Dopo oltre dieci anni di lavoro come team coach mi sono fermata a riflettere su come questo approccio sia cresciuto e cambiato negli anni.
Se il coaching era agli inizi di difficile comprensione per le aziende, il team coaching rappresentava un vero mistero. La dimensione del team, ovvero l’aggregazione in uno stesso spazio dei partecipanti creava ancor più che nell’approccio individuale una vera confusione con la formazione.
I membri del team approcciavano il coaching con aspettative di “contenuto” e lo strumento veniva spesso confuso con la formazione al team work.
Lo sforzo quindi maggiore era quello comunicativo in sede di start up del progetto per far comprendere agli interessati cosa dovessero o meno aspettarsi dal nuovo approccio.

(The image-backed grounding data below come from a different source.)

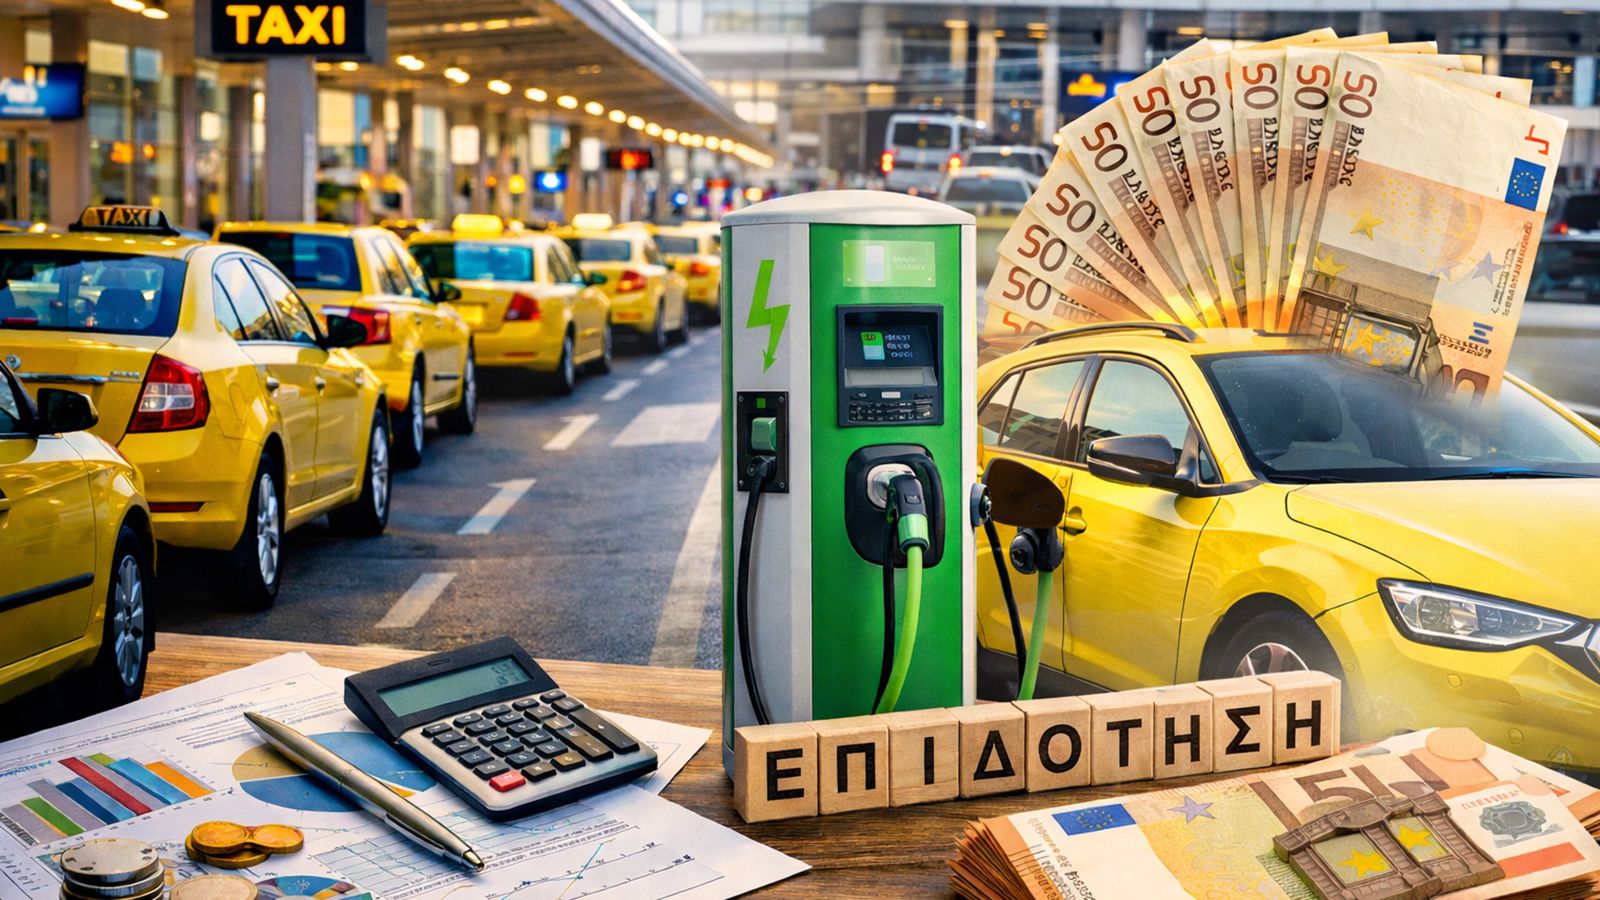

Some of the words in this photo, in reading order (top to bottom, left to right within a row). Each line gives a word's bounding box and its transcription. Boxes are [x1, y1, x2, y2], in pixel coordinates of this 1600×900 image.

[225, 5, 346, 45] TAXI
[96, 207, 150, 226] TAXI
[767, 699, 1322, 802] ΕΠΙΔΟΤΗΣΗ
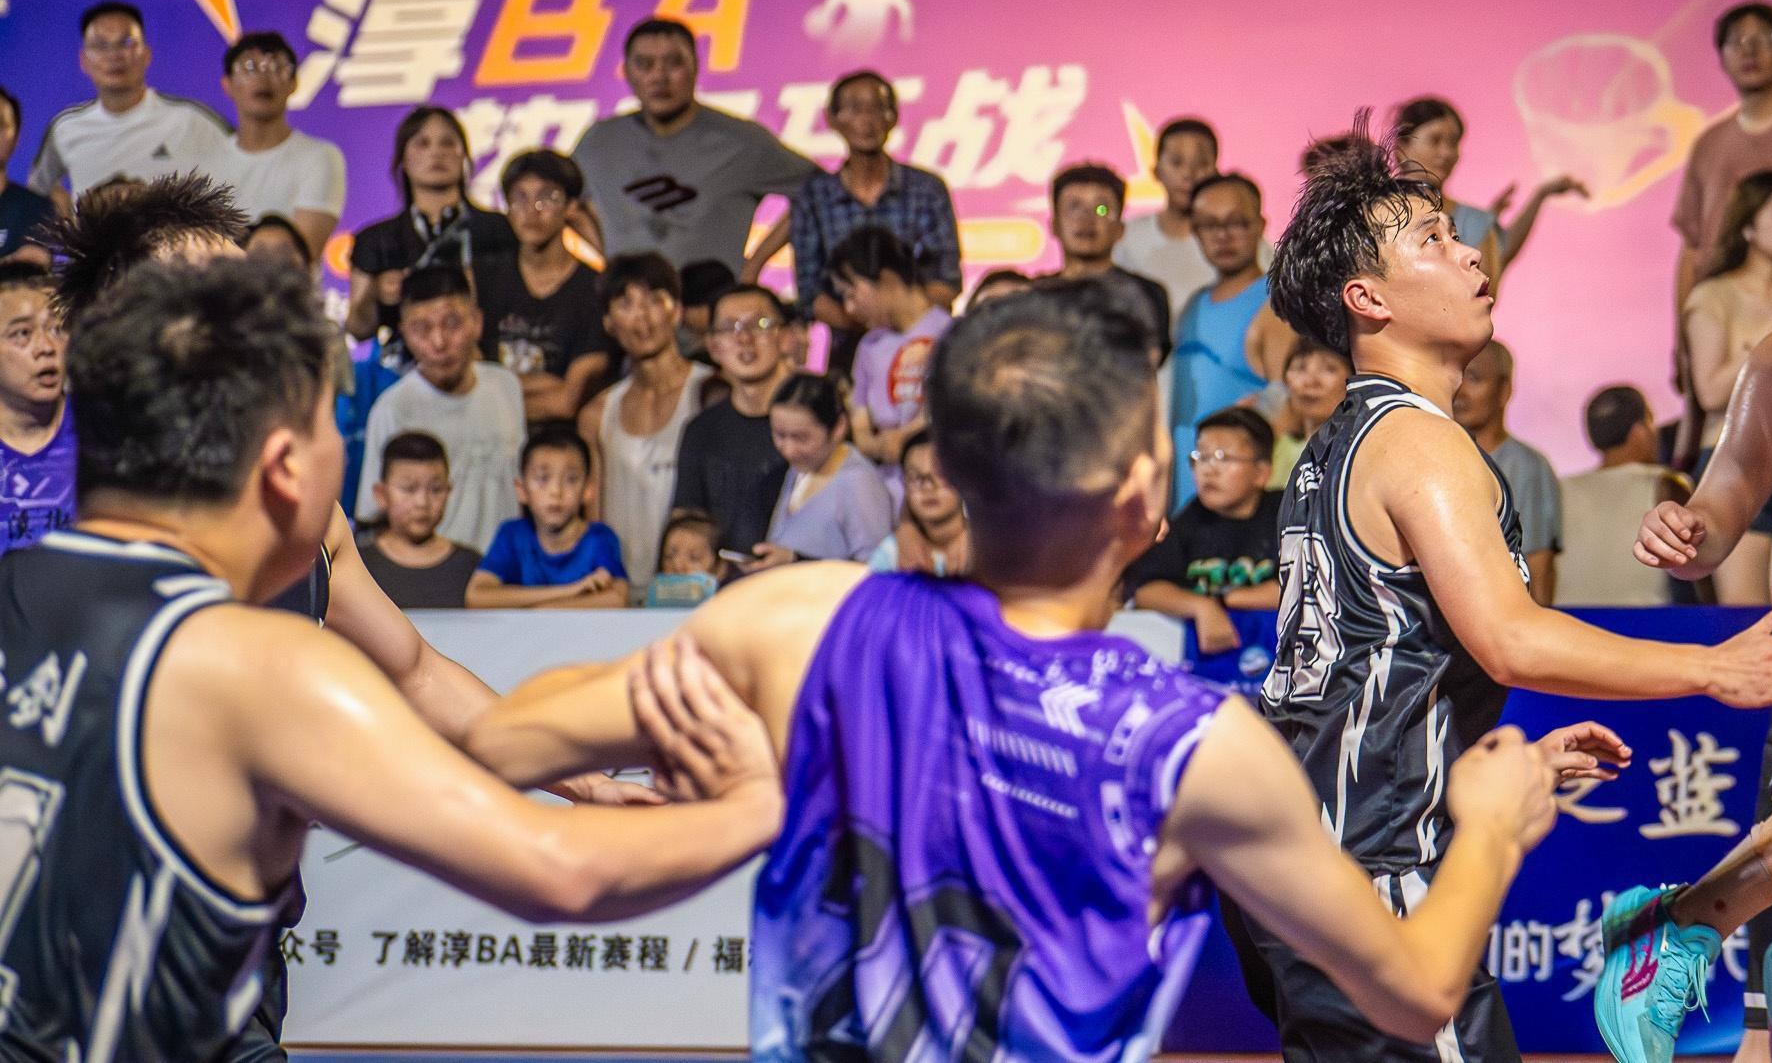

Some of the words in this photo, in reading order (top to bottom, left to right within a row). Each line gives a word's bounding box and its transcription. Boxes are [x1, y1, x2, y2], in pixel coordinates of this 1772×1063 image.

[371, 931, 670, 972] 了解淳BA最新赛程
[712, 936, 752, 974] 福

E nonostante tutto, mi sentivo spesso dire “questo corso è molto interessante” o “la prossima settimana ci vediamo al corso”.
In questo articolo mi ripropongo di dimostrare che, effettivamente, avevano ragione loro e non io che mi ostinavo a ripetere “ma non è un corso…”.
La parola “corso” può essere utilizzata per una serie di significati anche figurativi:
Movimento regolare e continuo, andamento, serie metodica di lezioni o trattazione sistematica di una disciplina.
L’insieme degli allievi di una scuola, anche militare, che seguono determinati insegnamenti,
In passato, sfilata di carrozze parate in gran gala.
“Corso, movimento”, si. A volte in termini gergali noi che ci occupiamo di coaching usiamo la parola flusso, ma anche il corso, come quello del fiume, lento e inarrestabile può funzionare. Il team coaching ha esattamente questa finalità: quella di mettere in moto un movimento attraverso l’interazione mediata dal coach dei membri di un team che, magari, fino a quel momento hanno vissuto le relazioni in modo ripetitivo e automatico e iniziano a rendersi consapevoli di “come” lavorano insieme e non solo di cosa fanno insieme.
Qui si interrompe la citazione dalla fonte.